Bronchoscopic ablation for non-small cell lung cancer

Introduction

Lung cancer is the leading cause of cancer-related death worldwide, with non-small cell lung cancer (NSCLC) accounting for 85% of cases (1). Long-term outcomes are best for patients with early-stage disease, where 5-year survival for patients with stage 1 NSCLC is approximately 75% (2). The prevalence of lung cancer has increased over time, with early-stage cancers accounting for the majority of these cases (2,3). Lung cancer screening programs for high-risk individuals and the increased utility of computed tomography (CT) imaging in medicine worldwide have increased the rates of lung nodule detection and the diagnosis of early-stage lung cancer (2,4).

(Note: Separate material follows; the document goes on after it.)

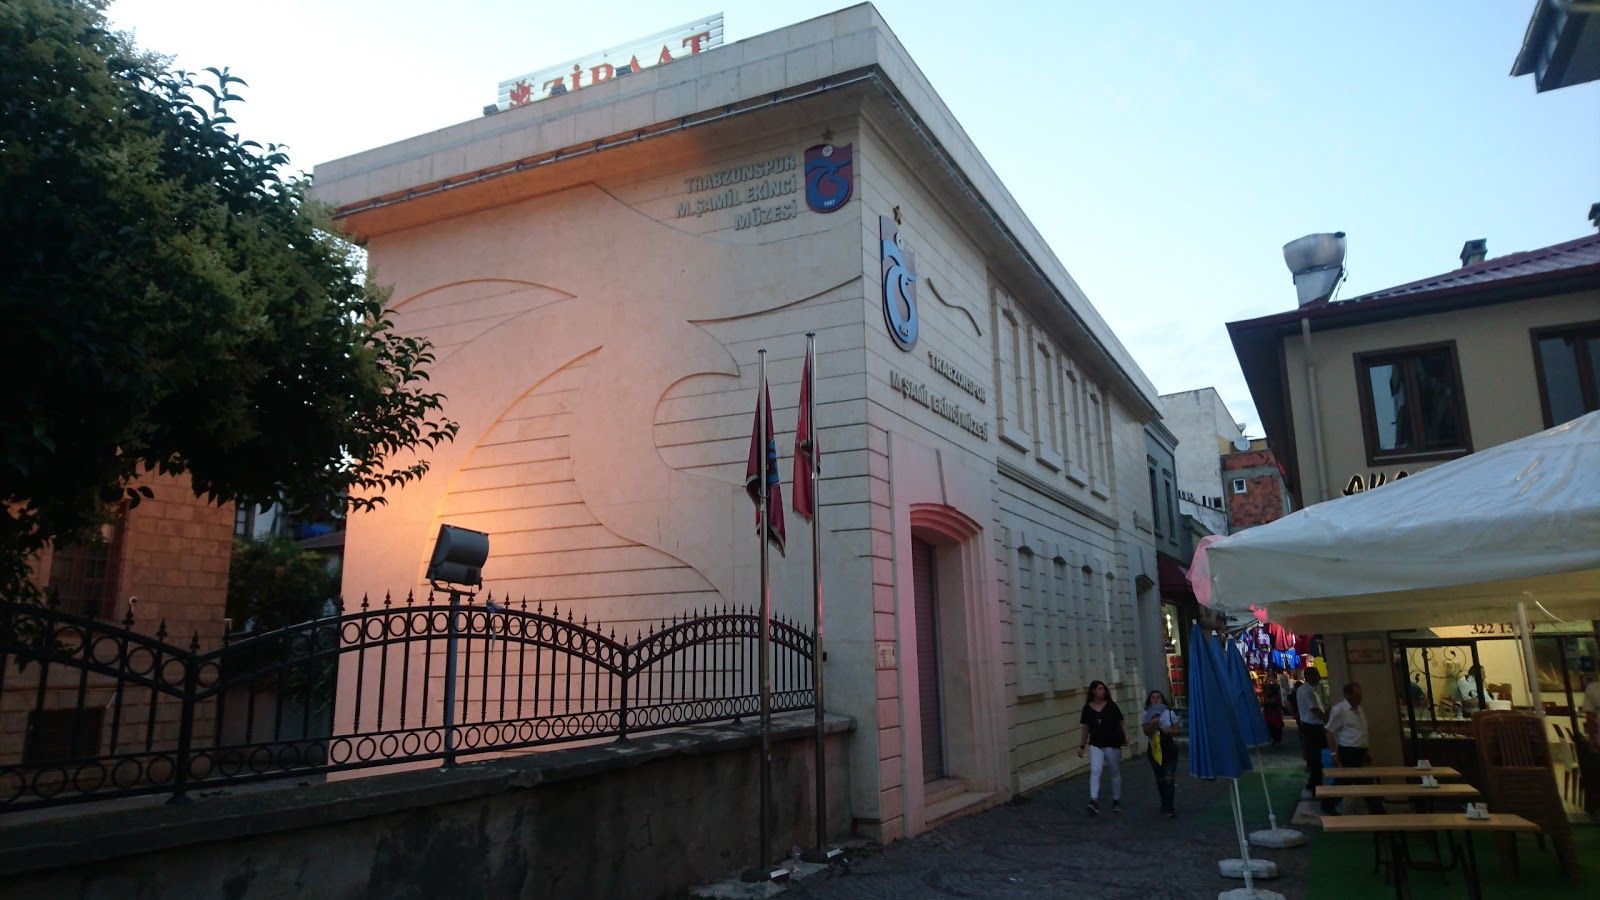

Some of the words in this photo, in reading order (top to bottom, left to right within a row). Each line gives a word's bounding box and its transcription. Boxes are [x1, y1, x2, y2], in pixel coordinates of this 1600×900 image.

Current evidence supports surgical resection as the best oncological therapy for early-stage NSCLC, with lobectomy being the standard surgical mode for the majority of patients. In most studies, 5-year survival following lobectomy for early-stage NSCLC is 64–77%, though recurrence is observed in over one-third (5,6). As the incidence of smaller tumours increases, approaches that preserve more lung have been sought. For patients with tumours less than 2 cm in size, segmentectomy has been shown to have similar outcomes to lobectomy with a 5-year survival of ~90% (7,8). However, some patients, due to either significant medical co-morbidities or a lack of physiological reserve, are unable to undergo surgical resection. In these patients, radiotherapy with stereotactic ablative radiotherapy (SABR) is standard of care and carries a 5-year overall survival of 84–87%, and a recurrence rate of 20–35% at 5 years (9,10), with some studies suggesting non-inferior outcomes compared to surgery (11). However, in a proportion of patients, the utility of SABR is limited by tumour size, location, and presence of underlying pulmonary disease such as pulmonary fibrosis.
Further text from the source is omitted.